The motif of water in Annihilation acts as both a path and a force, carrying individuals toward the incomprehensible. It washes away old identities, transforms those who enter, and dissolves boundaries between self and other. Josie, uncomfortable in her own skin, merges with the Shimmer’s flora, becoming a human-tree hybrid—a literal union with the environment that transcends her alienated self. Beneath this, a deeper undercurrent emerges: a semiotic breakdown where language, which shapes reality, collapses at cellular, biological, and perceptual levels. The alien presence doesn’t speak but mimics, challenging notions of selfhood and interpretation. The Shimmer scrambles DNA—the code of life—blending species; human voices echo in non-human forms; memory and written language fragment; names and words lose meaning. Language, as a cornerstone of identity, organises memory, experience, and selfhood. Its breakdown—here a metaphor for grief, trauma, and depression—opens a gateway for the spiritual. To touch the spiritual, one must step beyond language, a concept echoed in mystical traditions: Buddhism’s transcendence of concepts, Christian apophatic theology’s unnamable God, or mysticism’s loss of self. Annihilation presents the unknowable—an encounter outside reason—disguised as science fiction horror.

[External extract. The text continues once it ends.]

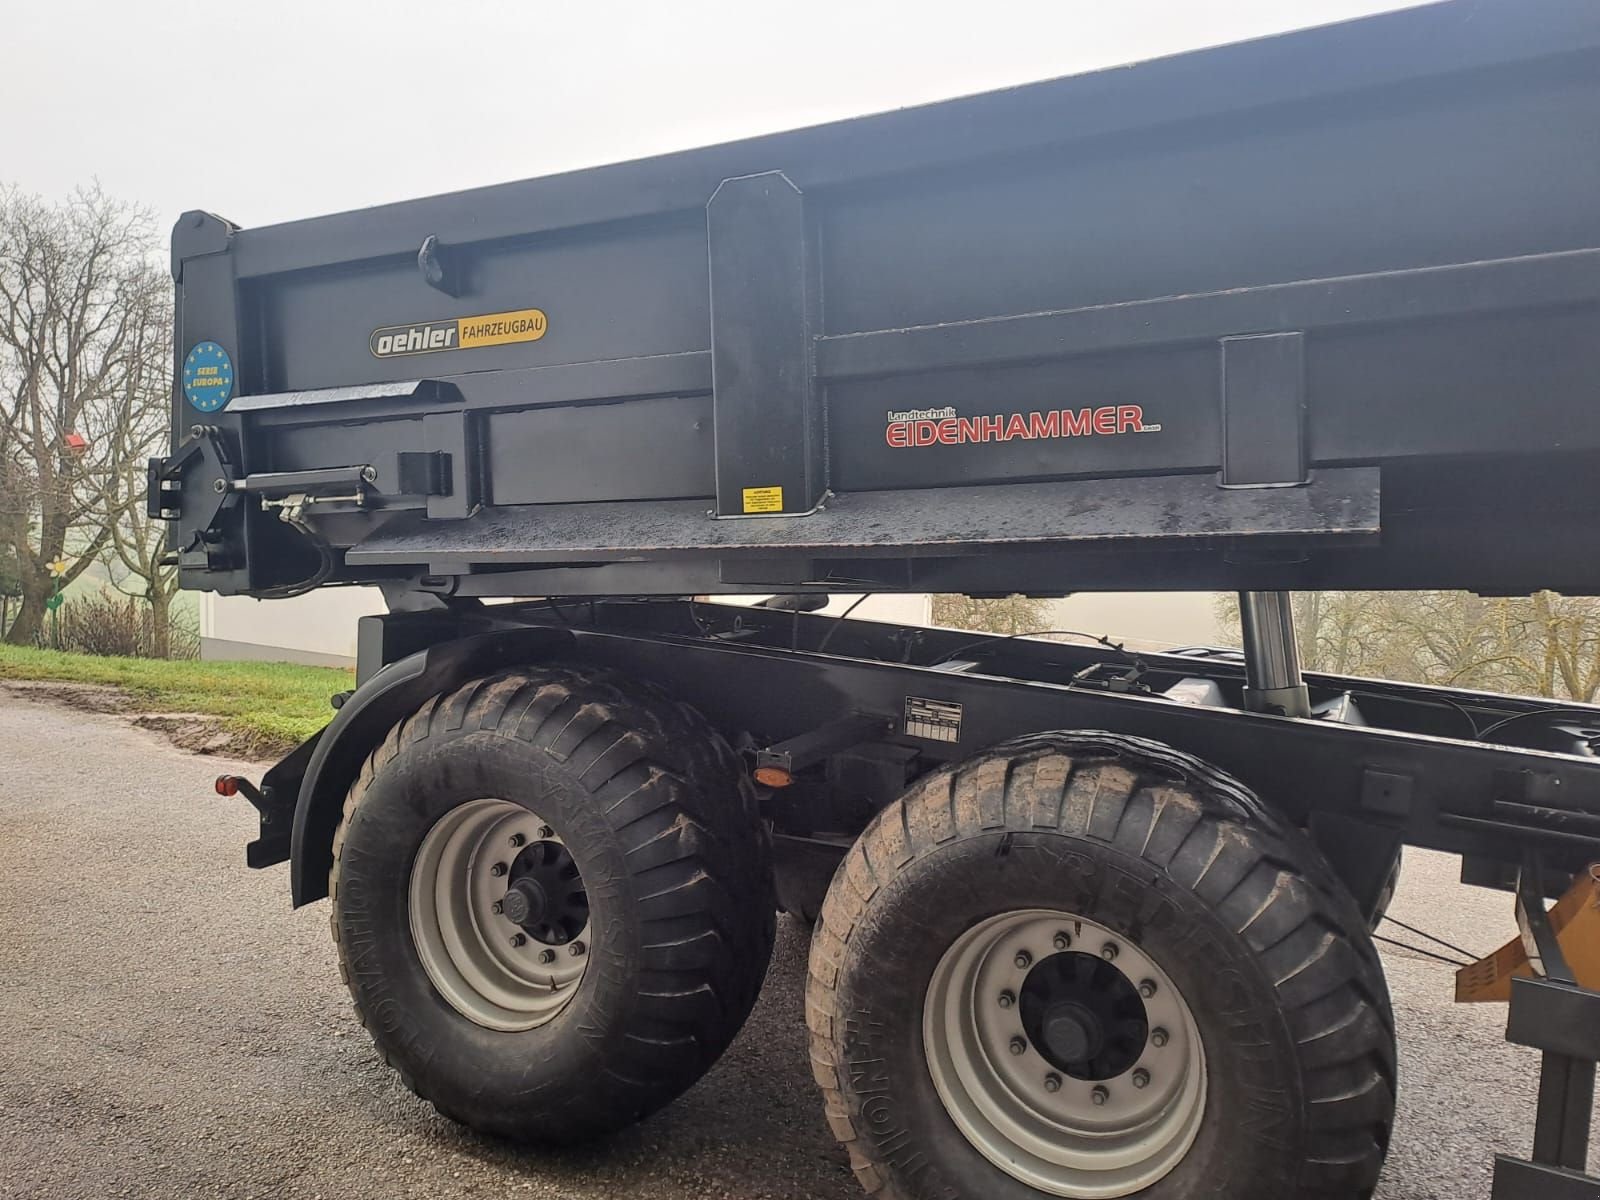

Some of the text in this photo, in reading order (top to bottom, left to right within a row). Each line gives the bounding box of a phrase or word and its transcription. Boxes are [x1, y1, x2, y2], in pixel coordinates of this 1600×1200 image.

[377, 317, 543, 354] oehler FAHRZEUGBAU
[886, 405, 1143, 448] EIDENHAMMER
[887, 406, 957, 422] Landtechnik

This dissolution of language and self aligns with philosophical and spiritual traditions exploring “non-self.” Buddhism’s anatta teaches that the self is an illusion—a collection of transient experiences, thoughts, and sensations. Clinging to a fixed self causes suffering, as seen in the characters’ struggles, but mindfulness can reveal impermanence. Similarly, David Hume argued that the self is merely a bundle of perceptions, lacking a permanent essence. In existentialism, Jean-Paul Sartre viewed the self as a construct shaped by choices, not an inherent entity, and clinging to a stable self reflects “bad faith.” Advaita Vedanta in Indian philosophy sees the individual self (Atman) as an illusion, ultimately one with the universal reality (Brahman). Neuroscientist Sam Harris, in Waking Up: A Guide to Spirituality Without Religion, integrates these ideas with neuroscience, arguing that the “I” is a cognitive construct. Through meditation, he suggests, one can observe thoughts and sensations arising without a stable self, revealing consciousness as a field of experience rather than an owned entity.
At the film’s climax, Lena confronts her mirrored self—a being that reflects rather than speaks. Their final “conversation” is a silent, violent, tender dance, a nonverbal communion where understanding gives way to becoming. Annihilation frames language as a limitation—a veil that must burn away for transformation. The Shimmer poses a spiritual question: “Where do I end and my environment begin?” (This echoes the film, I Heart Huckabees, where Bernard, played by Dustin Hoffman, muses, “If you look close enough, you can’t tell where my nose ends and space begins,” blending existentialism and spirituality.) Ultimately, Annihilation presents spirituality as the dissolution of boundaries—between self and other, human and alien, loss and renewal—offering a haunting, transformative vision of wholeness.